:: Task prompt ::
The answer should consist of all the records, copied exactly.

:: Dataset entries ::

▬▬▬

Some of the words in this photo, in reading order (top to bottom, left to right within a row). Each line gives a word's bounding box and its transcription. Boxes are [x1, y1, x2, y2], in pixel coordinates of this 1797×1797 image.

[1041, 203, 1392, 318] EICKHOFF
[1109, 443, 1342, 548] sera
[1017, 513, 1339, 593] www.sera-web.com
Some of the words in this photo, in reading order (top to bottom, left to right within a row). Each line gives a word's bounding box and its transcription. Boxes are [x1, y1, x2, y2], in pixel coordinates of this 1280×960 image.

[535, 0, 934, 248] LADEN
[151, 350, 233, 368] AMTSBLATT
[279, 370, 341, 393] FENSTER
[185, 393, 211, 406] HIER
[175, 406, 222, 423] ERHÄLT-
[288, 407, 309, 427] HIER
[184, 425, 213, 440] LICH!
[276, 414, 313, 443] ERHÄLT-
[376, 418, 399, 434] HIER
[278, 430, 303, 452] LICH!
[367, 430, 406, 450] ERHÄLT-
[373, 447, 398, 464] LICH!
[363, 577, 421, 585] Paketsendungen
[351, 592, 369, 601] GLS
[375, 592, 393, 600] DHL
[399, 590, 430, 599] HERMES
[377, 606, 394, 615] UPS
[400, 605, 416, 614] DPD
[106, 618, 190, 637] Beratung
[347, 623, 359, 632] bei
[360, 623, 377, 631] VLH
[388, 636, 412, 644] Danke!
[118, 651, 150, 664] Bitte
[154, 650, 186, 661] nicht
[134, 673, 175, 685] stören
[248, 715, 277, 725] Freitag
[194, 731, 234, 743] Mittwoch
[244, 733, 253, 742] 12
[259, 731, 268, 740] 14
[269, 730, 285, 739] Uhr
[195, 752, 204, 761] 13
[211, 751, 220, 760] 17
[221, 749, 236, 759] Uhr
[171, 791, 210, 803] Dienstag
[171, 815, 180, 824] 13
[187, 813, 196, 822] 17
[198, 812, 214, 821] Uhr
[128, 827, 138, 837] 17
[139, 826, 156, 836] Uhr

▬▬▬

:: Answer for this exercise ::
Some of the words in this photo, in reading order (top to bottom, left to right within a row). Each line gives a word's bounding box and its transcription. Boxes are [x1, y1, x2, y2], in pixel coordinates of this 1797×1797 image.

[1041, 203, 1392, 318] EICKHOFF
[1109, 443, 1342, 548] sera
[1017, 513, 1339, 593] www.sera-web.com
Some of the words in this photo, in reading order (top to bottom, left to right within a row). Each line gives a word's bounding box and its transcription. Boxes are [x1, y1, x2, y2], in pixel coordinates of this 1280×960 image.

[535, 0, 934, 248] LADEN
[151, 350, 233, 368] AMTSBLATT
[279, 370, 341, 393] FENSTER
[185, 393, 211, 406] HIER
[175, 406, 222, 423] ERHÄLT-
[288, 407, 309, 427] HIER
[184, 425, 213, 440] LICH!
[276, 414, 313, 443] ERHÄLT-
[376, 418, 399, 434] HIER
[278, 430, 303, 452] LICH!
[367, 430, 406, 450] ERHÄLT-
[373, 447, 398, 464] LICH!
[363, 577, 421, 585] Paketsendungen
[351, 592, 369, 601] GLS
[375, 592, 393, 600] DHL
[399, 590, 430, 599] HERMES
[377, 606, 394, 615] UPS
[400, 605, 416, 614] DPD
[106, 618, 190, 637] Beratung
[347, 623, 359, 632] bei
[360, 623, 377, 631] VLH
[388, 636, 412, 644] Danke!
[118, 651, 150, 664] Bitte
[154, 650, 186, 661] nicht
[134, 673, 175, 685] stören
[248, 715, 277, 725] Freitag
[194, 731, 234, 743] Mittwoch
[244, 733, 253, 742] 12
[259, 731, 268, 740] 14
[269, 730, 285, 739] Uhr
[195, 752, 204, 761] 13
[211, 751, 220, 760] 17
[221, 749, 236, 759] Uhr
[171, 791, 210, 803] Dienstag
[171, 815, 180, 824] 13
[187, 813, 196, 822] 17
[198, 812, 214, 821] Uhr
[128, 827, 138, 837] 17
[139, 826, 156, 836] Uhr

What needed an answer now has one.